*** Opening of EXTRACTED ENTRIES ***

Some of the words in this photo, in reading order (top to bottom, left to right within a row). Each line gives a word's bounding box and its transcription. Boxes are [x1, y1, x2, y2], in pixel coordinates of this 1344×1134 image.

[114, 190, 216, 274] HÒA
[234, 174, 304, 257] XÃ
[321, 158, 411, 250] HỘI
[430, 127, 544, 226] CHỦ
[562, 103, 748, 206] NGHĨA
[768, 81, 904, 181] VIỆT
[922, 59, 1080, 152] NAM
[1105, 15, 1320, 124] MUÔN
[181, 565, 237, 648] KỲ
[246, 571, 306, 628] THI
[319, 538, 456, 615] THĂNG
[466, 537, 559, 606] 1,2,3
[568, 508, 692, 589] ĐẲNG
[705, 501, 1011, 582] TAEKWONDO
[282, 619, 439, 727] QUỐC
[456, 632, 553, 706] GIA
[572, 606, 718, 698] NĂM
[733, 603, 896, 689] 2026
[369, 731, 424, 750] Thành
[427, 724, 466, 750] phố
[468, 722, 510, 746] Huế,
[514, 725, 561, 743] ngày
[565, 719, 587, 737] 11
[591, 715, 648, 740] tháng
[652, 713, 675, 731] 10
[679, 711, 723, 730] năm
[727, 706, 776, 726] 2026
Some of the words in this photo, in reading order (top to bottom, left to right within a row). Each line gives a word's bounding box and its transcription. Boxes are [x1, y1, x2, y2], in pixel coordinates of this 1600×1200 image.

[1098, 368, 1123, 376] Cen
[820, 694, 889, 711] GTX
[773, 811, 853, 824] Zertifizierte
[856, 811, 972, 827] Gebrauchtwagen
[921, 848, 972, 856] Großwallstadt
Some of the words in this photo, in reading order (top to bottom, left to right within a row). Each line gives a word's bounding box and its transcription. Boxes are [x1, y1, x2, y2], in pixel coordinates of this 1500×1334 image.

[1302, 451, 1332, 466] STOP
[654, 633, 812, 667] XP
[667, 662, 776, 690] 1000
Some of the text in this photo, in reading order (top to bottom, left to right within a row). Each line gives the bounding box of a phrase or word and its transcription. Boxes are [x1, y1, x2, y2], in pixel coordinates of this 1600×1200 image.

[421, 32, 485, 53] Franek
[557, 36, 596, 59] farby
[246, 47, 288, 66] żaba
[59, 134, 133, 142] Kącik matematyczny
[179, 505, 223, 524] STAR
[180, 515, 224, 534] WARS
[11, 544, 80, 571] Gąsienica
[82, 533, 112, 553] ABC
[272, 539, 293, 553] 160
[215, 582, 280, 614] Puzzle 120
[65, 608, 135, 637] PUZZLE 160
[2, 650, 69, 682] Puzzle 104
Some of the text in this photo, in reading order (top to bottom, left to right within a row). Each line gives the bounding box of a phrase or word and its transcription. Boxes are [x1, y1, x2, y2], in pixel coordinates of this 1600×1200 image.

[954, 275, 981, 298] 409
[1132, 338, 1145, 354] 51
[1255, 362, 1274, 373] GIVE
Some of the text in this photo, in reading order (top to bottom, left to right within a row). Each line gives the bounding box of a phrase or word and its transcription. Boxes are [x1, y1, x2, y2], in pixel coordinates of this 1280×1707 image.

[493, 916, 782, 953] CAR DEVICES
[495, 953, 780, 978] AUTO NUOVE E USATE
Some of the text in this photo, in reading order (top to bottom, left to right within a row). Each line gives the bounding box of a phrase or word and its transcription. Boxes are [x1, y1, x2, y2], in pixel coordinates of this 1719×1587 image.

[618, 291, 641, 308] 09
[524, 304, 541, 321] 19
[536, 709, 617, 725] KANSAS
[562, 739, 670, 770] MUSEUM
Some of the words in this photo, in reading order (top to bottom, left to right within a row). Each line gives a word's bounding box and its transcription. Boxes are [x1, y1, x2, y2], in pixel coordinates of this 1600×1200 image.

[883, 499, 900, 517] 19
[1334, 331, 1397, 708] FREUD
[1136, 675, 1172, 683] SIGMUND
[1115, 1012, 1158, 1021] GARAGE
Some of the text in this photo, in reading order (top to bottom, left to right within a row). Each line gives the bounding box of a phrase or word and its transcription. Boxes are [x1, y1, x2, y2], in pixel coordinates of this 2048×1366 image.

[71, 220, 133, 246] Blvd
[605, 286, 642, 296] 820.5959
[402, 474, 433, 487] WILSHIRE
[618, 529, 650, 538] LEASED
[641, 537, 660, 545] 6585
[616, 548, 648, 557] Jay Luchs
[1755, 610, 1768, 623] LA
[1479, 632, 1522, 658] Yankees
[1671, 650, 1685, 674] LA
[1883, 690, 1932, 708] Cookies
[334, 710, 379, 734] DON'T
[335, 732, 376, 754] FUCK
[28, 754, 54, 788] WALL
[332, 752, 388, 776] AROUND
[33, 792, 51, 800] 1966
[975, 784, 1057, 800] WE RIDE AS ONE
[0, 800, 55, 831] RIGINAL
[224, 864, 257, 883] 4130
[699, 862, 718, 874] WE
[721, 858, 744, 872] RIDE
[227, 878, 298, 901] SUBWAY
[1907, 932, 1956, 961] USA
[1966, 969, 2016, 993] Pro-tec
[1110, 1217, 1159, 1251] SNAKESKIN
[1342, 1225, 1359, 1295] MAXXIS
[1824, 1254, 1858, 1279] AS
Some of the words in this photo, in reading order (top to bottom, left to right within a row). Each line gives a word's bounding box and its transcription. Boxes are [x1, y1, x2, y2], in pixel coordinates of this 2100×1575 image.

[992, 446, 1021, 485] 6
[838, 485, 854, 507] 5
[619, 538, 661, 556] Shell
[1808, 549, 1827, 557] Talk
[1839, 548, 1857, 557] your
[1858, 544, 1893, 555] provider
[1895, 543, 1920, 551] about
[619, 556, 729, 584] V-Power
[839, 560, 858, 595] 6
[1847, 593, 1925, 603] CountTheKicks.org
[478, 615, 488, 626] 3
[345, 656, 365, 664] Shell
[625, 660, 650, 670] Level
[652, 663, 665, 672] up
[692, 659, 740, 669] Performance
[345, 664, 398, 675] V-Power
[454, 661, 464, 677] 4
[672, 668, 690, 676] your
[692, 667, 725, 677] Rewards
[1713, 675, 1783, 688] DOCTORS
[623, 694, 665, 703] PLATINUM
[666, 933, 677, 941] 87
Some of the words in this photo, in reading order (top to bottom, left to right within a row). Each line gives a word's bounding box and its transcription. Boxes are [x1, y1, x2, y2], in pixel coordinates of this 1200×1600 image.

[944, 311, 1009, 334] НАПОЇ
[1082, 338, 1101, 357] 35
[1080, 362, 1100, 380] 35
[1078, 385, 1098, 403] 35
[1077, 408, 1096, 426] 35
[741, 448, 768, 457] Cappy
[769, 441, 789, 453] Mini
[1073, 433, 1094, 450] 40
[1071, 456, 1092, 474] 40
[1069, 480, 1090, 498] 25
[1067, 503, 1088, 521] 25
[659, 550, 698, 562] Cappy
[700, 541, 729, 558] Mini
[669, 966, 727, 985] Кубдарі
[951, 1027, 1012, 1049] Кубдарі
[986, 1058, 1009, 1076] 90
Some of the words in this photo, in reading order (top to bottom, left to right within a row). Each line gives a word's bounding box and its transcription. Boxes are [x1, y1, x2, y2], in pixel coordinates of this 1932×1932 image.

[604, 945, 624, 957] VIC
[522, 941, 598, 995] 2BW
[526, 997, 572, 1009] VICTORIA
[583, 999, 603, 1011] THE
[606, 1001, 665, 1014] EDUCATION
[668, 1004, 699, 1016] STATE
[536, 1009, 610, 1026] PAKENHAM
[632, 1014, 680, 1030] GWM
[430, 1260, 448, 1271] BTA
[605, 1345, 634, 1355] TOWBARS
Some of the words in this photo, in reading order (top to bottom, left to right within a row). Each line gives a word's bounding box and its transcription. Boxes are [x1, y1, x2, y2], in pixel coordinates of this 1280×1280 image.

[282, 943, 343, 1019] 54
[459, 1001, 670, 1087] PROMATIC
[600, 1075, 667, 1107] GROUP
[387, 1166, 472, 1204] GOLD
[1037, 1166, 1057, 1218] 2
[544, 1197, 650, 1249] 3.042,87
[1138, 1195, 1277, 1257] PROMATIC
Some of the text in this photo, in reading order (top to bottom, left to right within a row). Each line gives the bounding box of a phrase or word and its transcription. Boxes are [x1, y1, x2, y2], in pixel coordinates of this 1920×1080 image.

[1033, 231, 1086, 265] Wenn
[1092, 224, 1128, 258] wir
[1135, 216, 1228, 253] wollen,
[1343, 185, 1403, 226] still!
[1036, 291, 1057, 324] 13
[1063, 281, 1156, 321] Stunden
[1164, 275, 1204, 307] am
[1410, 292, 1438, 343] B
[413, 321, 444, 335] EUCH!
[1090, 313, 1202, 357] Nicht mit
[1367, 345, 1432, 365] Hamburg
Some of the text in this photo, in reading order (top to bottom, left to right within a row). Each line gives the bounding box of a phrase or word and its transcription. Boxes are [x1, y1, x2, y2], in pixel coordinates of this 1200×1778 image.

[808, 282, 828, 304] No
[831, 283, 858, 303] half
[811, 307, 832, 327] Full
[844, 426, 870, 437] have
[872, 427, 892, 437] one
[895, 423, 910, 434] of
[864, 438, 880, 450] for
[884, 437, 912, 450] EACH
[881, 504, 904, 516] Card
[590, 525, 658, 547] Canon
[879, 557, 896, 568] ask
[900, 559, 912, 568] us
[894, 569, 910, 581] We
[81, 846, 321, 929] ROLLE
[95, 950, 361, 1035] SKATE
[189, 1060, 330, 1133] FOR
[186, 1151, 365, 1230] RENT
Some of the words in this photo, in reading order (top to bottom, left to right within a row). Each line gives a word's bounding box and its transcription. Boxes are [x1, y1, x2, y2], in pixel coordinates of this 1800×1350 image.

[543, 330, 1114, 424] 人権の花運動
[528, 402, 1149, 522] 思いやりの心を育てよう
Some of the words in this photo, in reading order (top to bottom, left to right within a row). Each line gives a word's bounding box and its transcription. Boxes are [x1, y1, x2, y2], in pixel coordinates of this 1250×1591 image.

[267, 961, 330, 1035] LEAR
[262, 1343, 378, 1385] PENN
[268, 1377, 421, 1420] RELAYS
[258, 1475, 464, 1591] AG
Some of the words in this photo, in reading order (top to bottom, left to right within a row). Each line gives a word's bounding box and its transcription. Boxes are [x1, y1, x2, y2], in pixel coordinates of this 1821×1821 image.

*** Close of EXTRACTED ENTRIES ***

### TASK OBJECTIVE
Set down only these lines, exactly: the line containing "this 1800×1350 image." and each line after it, through the end of the listing.

### ANSWER AREA
Some of the words in this photo, in reading order (top to bottom, left to right within a row). Each line gives a word's bounding box and its transcription. Boxes are [x1, y1, x2, y2], in pixel coordinates of this 1800×1350 image.

[543, 330, 1114, 424] 人権の花運動
[528, 402, 1149, 522] 思いやりの心を育てよう
Some of the words in this photo, in reading order (top to bottom, left to right within a row). Each line gives a word's bounding box and its transcription. Boxes are [x1, y1, x2, y2], in pixel coordinates of this 1250×1591 image.

[267, 961, 330, 1035] LEAR
[262, 1343, 378, 1385] PENN
[268, 1377, 421, 1420] RELAYS
[258, 1475, 464, 1591] AG
Some of the words in this photo, in reading order (top to bottom, left to right within a row). Each line gives a word's bounding box and its transcription. Boxes are [x1, y1, x2, y2], in pixel coordinates of this 1821×1821 image.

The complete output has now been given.